For many years St. Joseph’s Abbey, the Trappist Monastery at Spencer, M.A., was the site of my annual retreat. Like the monks’ day — early to bed, early to rise — these hours on retreat were sober and serious, sometimes even solemn. About a dozen men would experience the Divine Liturgy alongside the monks in the body of the monastic chapel. The other liturgical hours were shared from the side chapels which were open to the general public. A small chapel for private reflection and a small library with appropriate texts were handily situated near the participants’ rooms. Meals were taken in silence while an appropriate text, sometimes sacred, sometimes secular, was quietly read for spiritual nourishment. Although only one daily talk was offered by the retreat master, retreatants were free to speak among themselves, sometimes thoughtfully, sometimes lightheartedly, during the day. A walk about the monastery’s extensive property, perhaps to the gift shop or to the Holy Rood tailor shop, was a permitted diversion.
A monastic retreat, perhaps with the monks at Spencer or maybe with the Benedictines at Still River, can be a religiously invigorating experience. But Monday through Friday of a single week is not the wilderness or the desert experience that has been the focus of The Quiet Corner these Lenten weeks. A wise retreat master once warned his listeners that it would take a day or two or three for the “movie reel of one’s mind to wind down.” Catholic laity and religious and clergy all lead busy lives in the world and in the parish. Business to be conducted, ministries to be organized, meetings to be chaired — these responsibilities are not dismissed the moment the latch clicks shut on the monastic enclosure. The valid concerns of family, community and parish life can understandably but regretfully preoccupy even the sincerest retreatant. A genuine wilderness or desert experience (which this author has never experienced) would demand at least a month, if not a lifetime, of prayer and fasting. Some monastic and religious communities provide a cabin or mobile home on a remote area of their property for their members and friends to avail themselves of some prolonged “quite time.”
St. James opens his brief epistle with words that might indicate the mood one might expect when venturing into a wilderness or desert experience. The Apostle writes, “Consider it all joy, my brothers, when you encounter various trials, for you know that the testing of your faith produces perseverance. And let perseverance be perfect, so that you may be perfect and complete, lacking in nothing. But if any of you lacks wisdom, he should ask God who gives to all generously and ungrudgingly, and he will be given it. But he should ask in faith, not doubting, for the one who doubts is like a wave of the sea that is driven and tossed about by the wind.” The key words here are “trials…testing… perseverance… lacks wisdom…in faith, not doubting.” These are long-range words, not phrases to be fathomed on a day of recollection. “What can the desert do for us?” one writer asks, “It can make us rugged, tough, and strong in faith. It can cause us to develop perseverance and to acquire maturity.”

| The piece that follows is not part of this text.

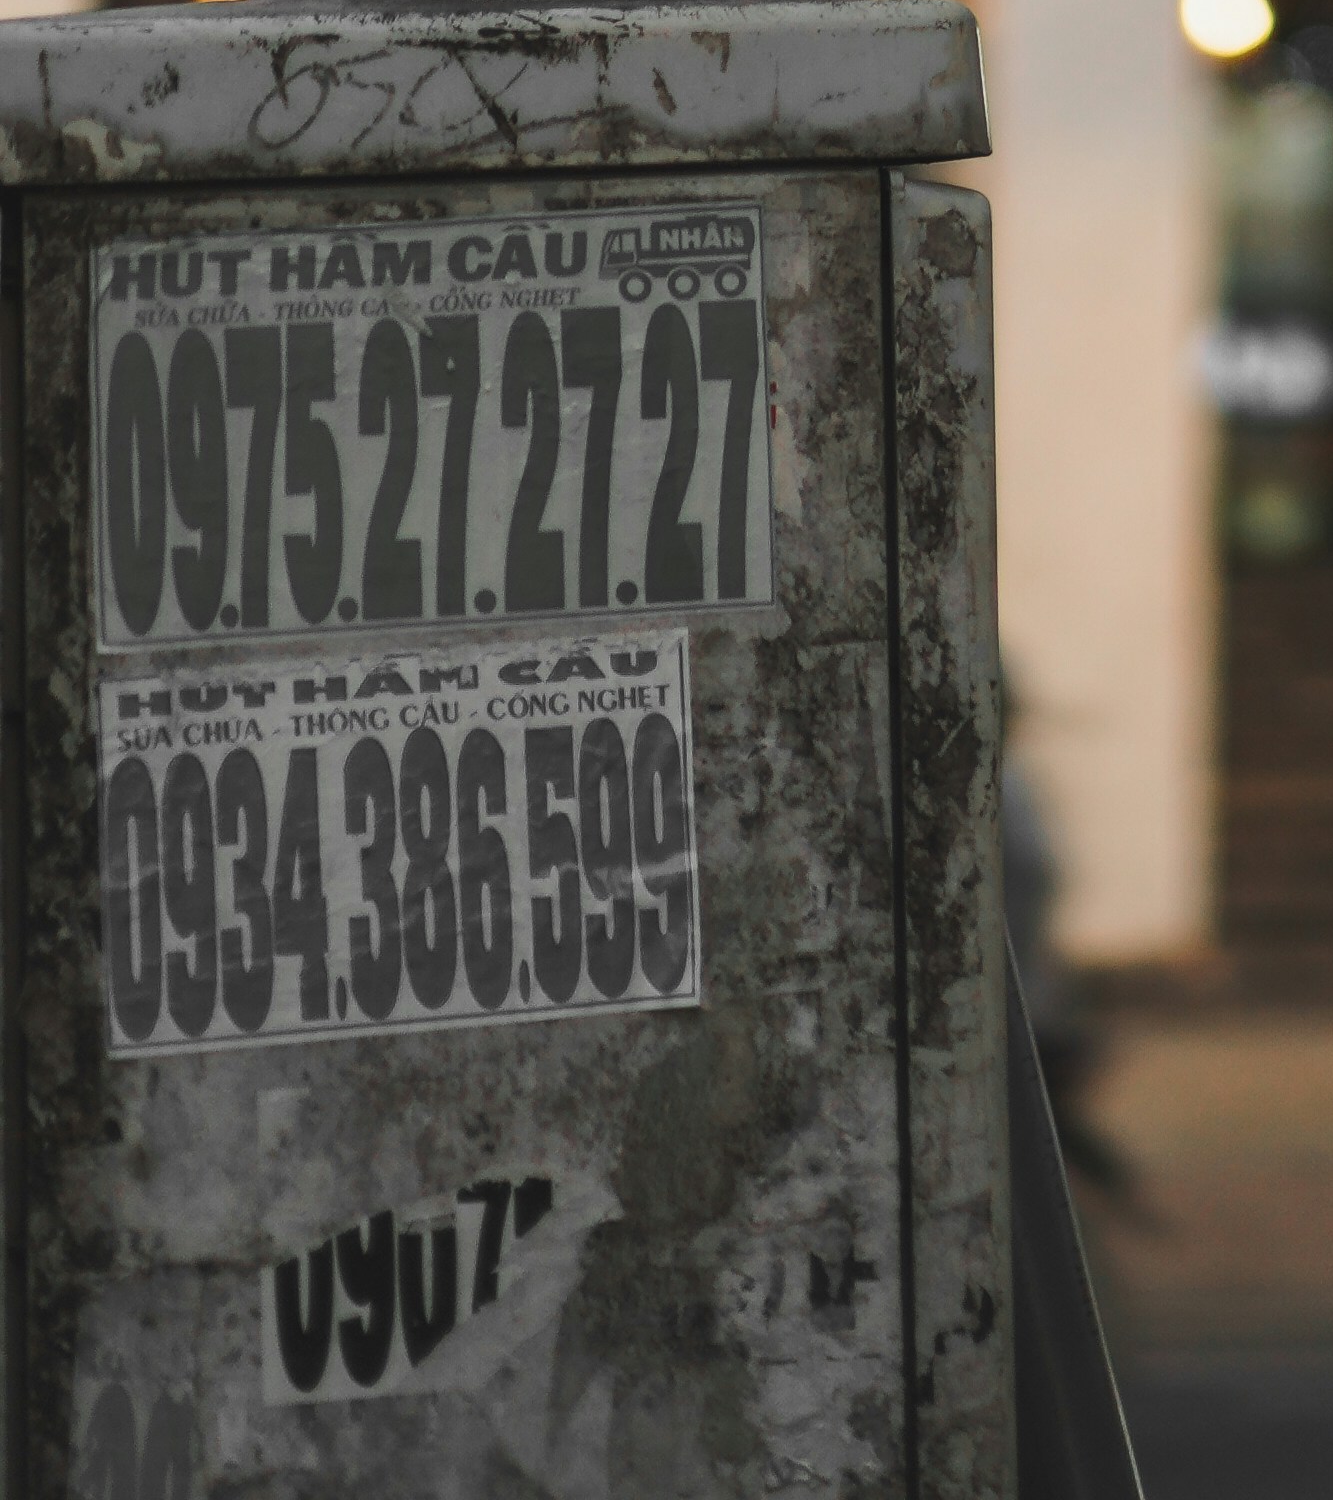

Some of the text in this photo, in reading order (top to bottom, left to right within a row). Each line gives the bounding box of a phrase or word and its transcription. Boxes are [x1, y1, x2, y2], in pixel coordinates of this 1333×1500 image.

[446, 223, 588, 282] CẦU
[659, 222, 744, 252] NHÂN
[107, 712, 690, 1041] 0934.386.599

A believer fortunate enough to undertake a wilderness or desert experience should, first of all, not bring a good book. The wilderness is a place for prayer, not study. The desert experience is an occasion for prayer and fasting exclusively — as Moses, Elias, Christ himself, as well as the saints Anthony of the desert, Mary of Egypt, Romauld and Bruno well testify. Thirty days of meditative prayer nourished exclusively by the Bible, especially the reading and praying of the Psalms, observing the Divine Office or Liturgy of the Hours, and, yes, the Rosary and personal devotions and maybe litanies and centering prayer should fill these secluded hours on the edges of society. Fasting, too, both bodily and intellectually, is a certain demand of the desert experience. Both the body and the mind must avoid any distractions. Refusing the tasty morsel and quieting the fanciful thought are integral to the discipline which a desert or wilderness experience requires.
While participation at a community Mass and daily visits to the Blessed Sacrament, if available, might intrude somewhat into the soul’s solitude, it is a measure of the believer’s maturity to integrate the communal liturgy with the spiritual life. The gardener in one of Jesus’ parables begs the land owner to spare the fruitless tree in the hope that more cultivation and more fertilizer will make the plant more productive. Even in the wilderness or in the desert, the pious believer will take advantage of more grace, every grace, sacramental as well as actual, coming generously from the hand of God.